A new study of
dog genetics reveals numerous genes involved in starch metabolism, compared
with wolves. It backs an idea that some dogs emerged from wolves that were able
to scavenge and digest the food waste of early farmers, the team tells Nature journal. No-one
knows precisely when or how our ancestors became so intimately connected with
dogs, but the archaeological evidence indicates it was many thousands of years
ago. One suggestion is that the modern mutt emerged from ancient
hunter-gatherers' use of wolves as hunting companions or guards. But another
opinion holds that domestication started with wolves that stole our food
leftovers and eventually came to live permanently around humans as a result. "This
second hypothesis says that when we settled down, and in conjunction with the
development of agriculture, we produced waste dumps around our settlements; and
suddenly there was this new food resource, a new niche, for wolves to make use
of, and the wolf that was best able to make use of it became the ancestor of
the dog," explained Erik Axelsson from Uppsala University.

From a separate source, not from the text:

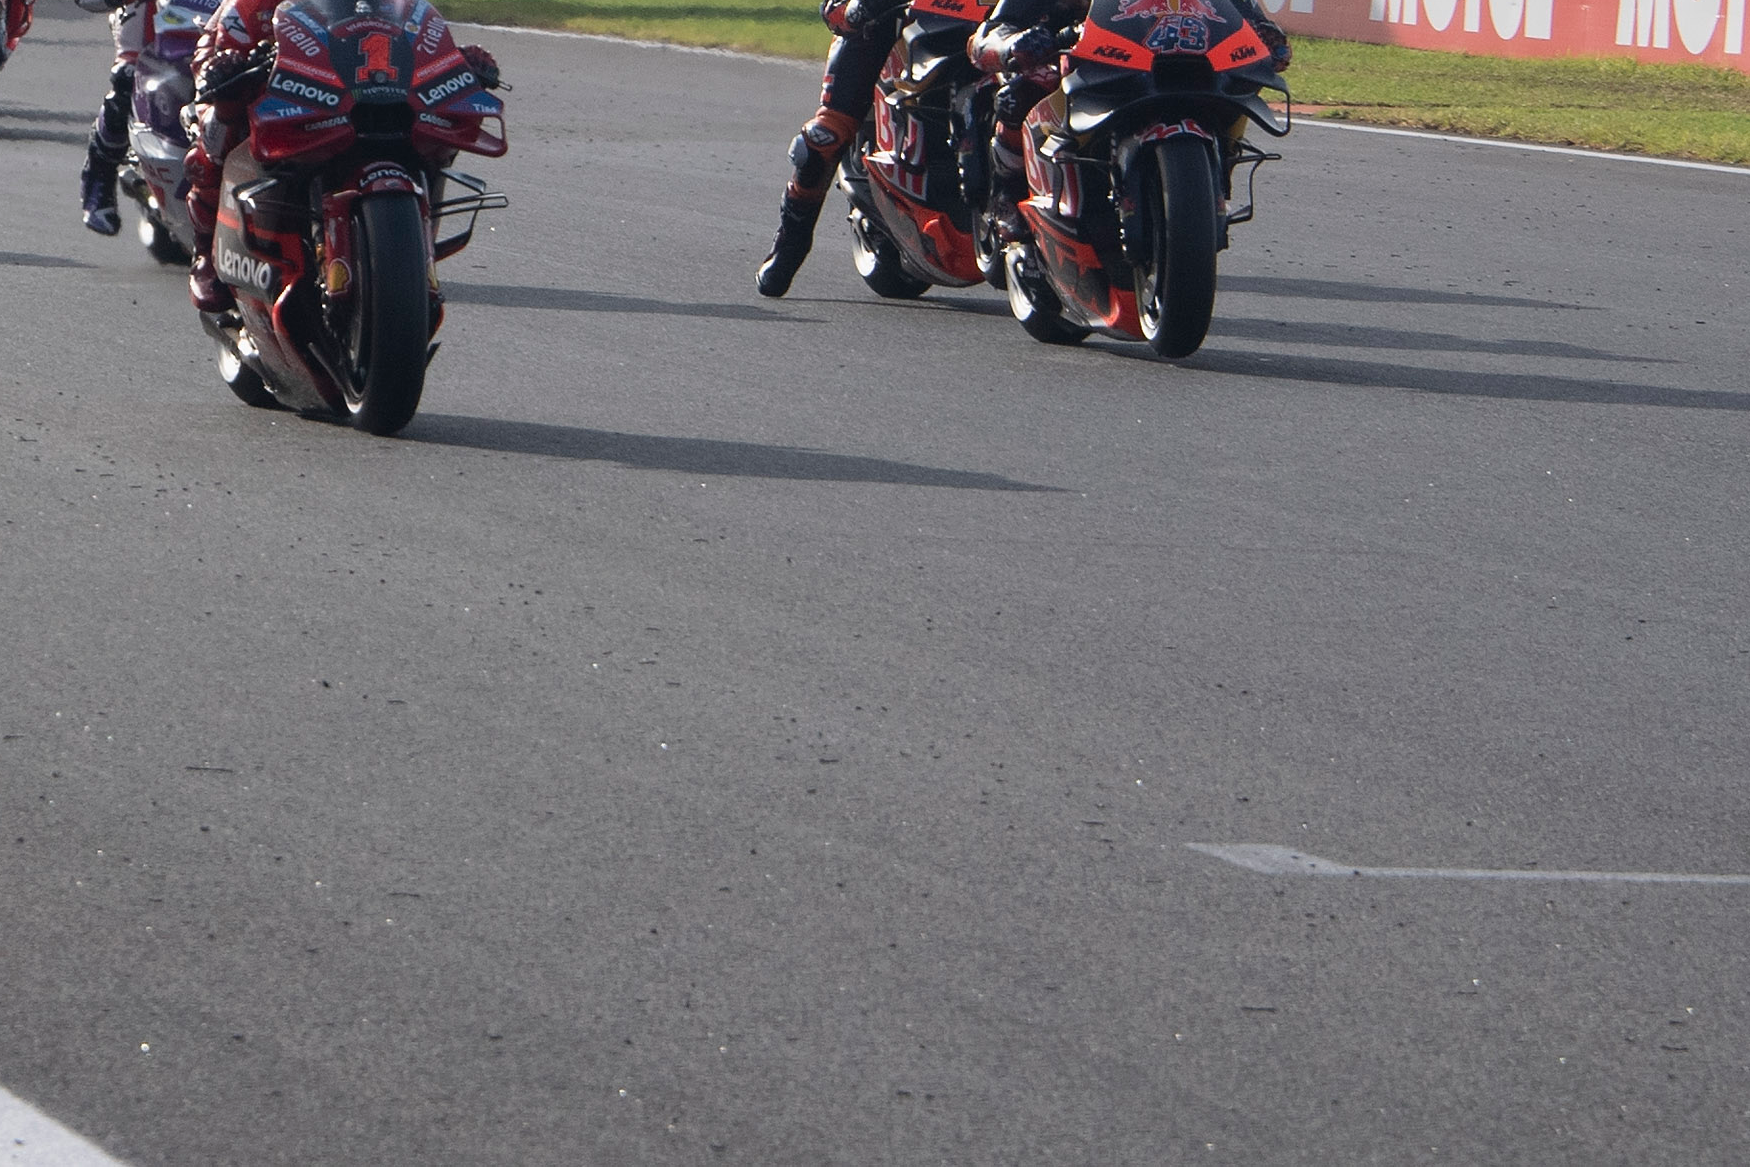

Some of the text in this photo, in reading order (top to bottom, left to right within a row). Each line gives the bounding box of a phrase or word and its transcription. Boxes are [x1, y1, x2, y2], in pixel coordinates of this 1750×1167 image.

The Swedish-US team scanned the DNA sequences of the two types of
canid for regions of major difference. These would be locations likely to
contain genes important in the rise of the domesticated dog. Axelsson's group
identified 36 such regions, carrying a little over a hundred genes. The
analysis detected the presence of two major functional categories - genes
involved in brain development and starch metabolism. In the case of the latter,
it seems dogs have many more genes that encode the enzymes needed to break down
starch, something that would have been advantageous in an ancestor scavenging
on the discarded wheat and other crop products of early farmers. Domestication
may have forced dogs into a permanent state of puppyhood . "Wolves also
have these genes but they don't use them as efficiently as dogs," said Dr
Axelsson. "When we look at the wolf genome, we only see one copy of the
gene [for the amylase enzyme] on each chromosome. When we look at the dog
genome, we see a range from two to 15 copies; and on average a dog carries
seven copies more than the wolf. "That
means the dog is a lot more efficient at making use of the nutrition in starch
than the wolf."
As far as the brain development genes are concerned, these
probably reflect some of the behavioral differences we now see in the two
canids. The dog is a much more docile creature, the likely consequence of early
humans preferentially working with animals they found easier to tame.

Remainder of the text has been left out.